As much as possible primary sources must be used in the argument, and secondary sources must be included to supply an interpretive or methodological framework as well as necessary background information. In all cases the argument (or thesis) is clearly stated and argued; the rest of the paper makes a case for the thesis by providing evidence and analysis. It also takes to task those scholars who have argued differently.

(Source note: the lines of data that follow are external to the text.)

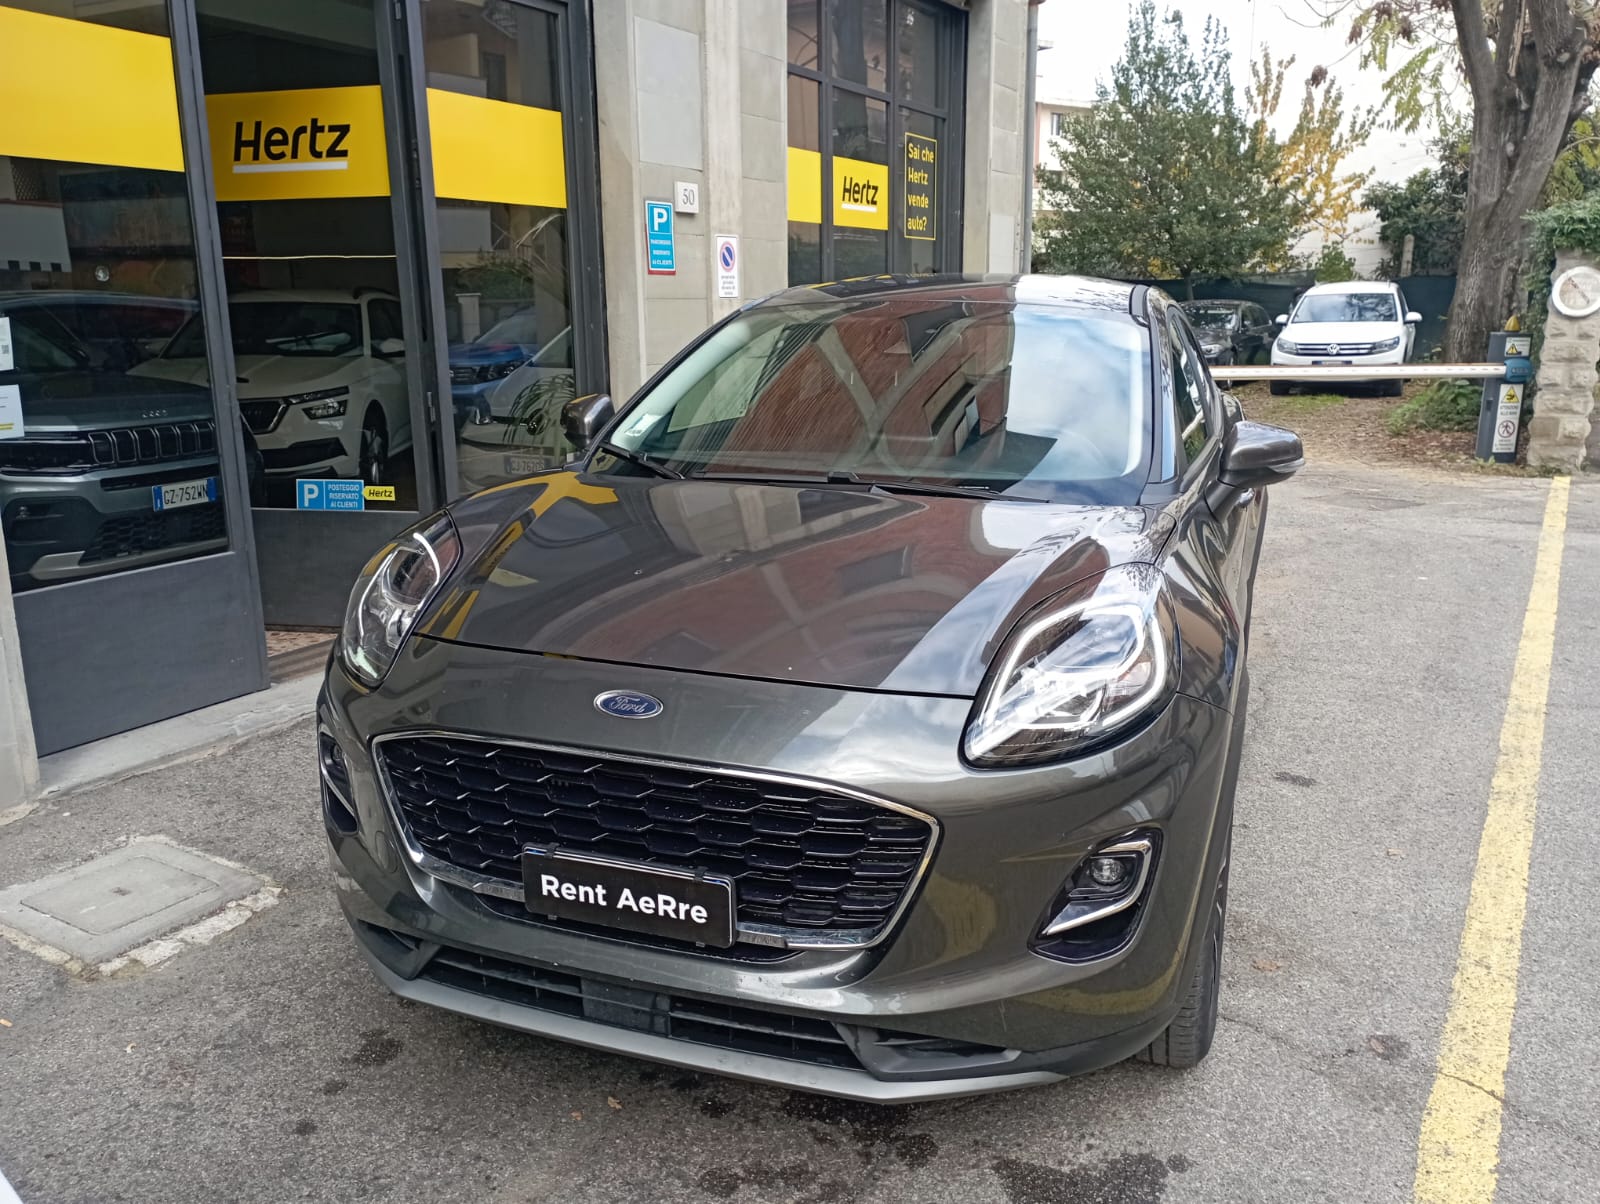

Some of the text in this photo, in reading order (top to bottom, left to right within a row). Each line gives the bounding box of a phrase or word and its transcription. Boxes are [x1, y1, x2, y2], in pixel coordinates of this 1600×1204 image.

[233, 117, 351, 162] Hertz
[908, 143, 935, 163] Sai che
[907, 167, 929, 185] Hertz
[682, 188, 695, 206] 50
[842, 175, 879, 206] Hertz
[907, 193, 929, 209] vende
[653, 207, 669, 232] P
[907, 216, 928, 232] auto?
[303, 484, 319, 508] P
[329, 492, 359, 500] RISERVATO
[368, 489, 393, 498] Hertz
[609, 695, 646, 714] Ford
[540, 874, 709, 924] Rent AeRre

If my students would take even this single brief passage from Heath’s book to heart, they could save themselves much wasted effort and heartache.

Providence and objectivity

Heath handles two of Christian history’s “elephant-in-the-room” issues deftly, though I don’t always agree with his nuances. These are the questions of providence and objectivity. Can historians show us the finger of God in the past? And can historians come close to showing us “what really happened?”

On the first question, Heath addresses the seminary student eager to make claims about God’s activity in history—and I have met quite a few of these. He reminds this student that at various points in the church’s development, Christian historians have told us with great certainty that Constantine’s conversion was the work of God, that the crusaders’ victories were ordained by God, and that the destruction of the Spanish Armada was a direct divine intervention. He works helpfully through the issues and emerges with appropriately chastened conclusions: “History has a purpose, but the reason(s) and ultimate outcome(s) for historical events remain a mystery.” “Even if we could step outside of our culture long enough to be able to see things more clearly, there is no reason to think that we could know why God did what he did, or know what he is doing in the world.”

As for the question of whether historians can really get us close to the truth about the past, Heath offers what seems to be the universal conservative Christian interpretation (and one with which I basically agree): he deals in turn with the naïve optimism of some 19th-century historians and the radical skepticism of the postmoderns, then concludes that we can have a degree of confidence in the work of historians.

The upshot

Did Heath’s book fulfill my three goals?

Awkward and repetitive language at points, poor copy editing, and the annoying archaic tic of saying “an historian” (no one I’ve ever met talks like this) did blunt my enjoyment, but Heath said so many good things about how to learn and use history in a church setting—my particular passion—that I couldn’t help but like the book.

There is certainly good “borrowable” material in this book for the seminary professor. Apart from several of Heath’s “reasons to read history,” I’ll also steal his use of the Holocaust (more skillful than is often the case) in the section on objectivity.

As for finding a textbook, I feel a book for students about history-writing should itself be well-written, and this one falls short of the mark. But I know of no other brief guide that steers seminary students through the thickets of reading and writing history. For me, the pros outweigh the cons. I will be assigning this book in my survey courses.

Chris R. Armstrong is associate professor of church history at Bethel Seminary in St. Paul, Minnesota.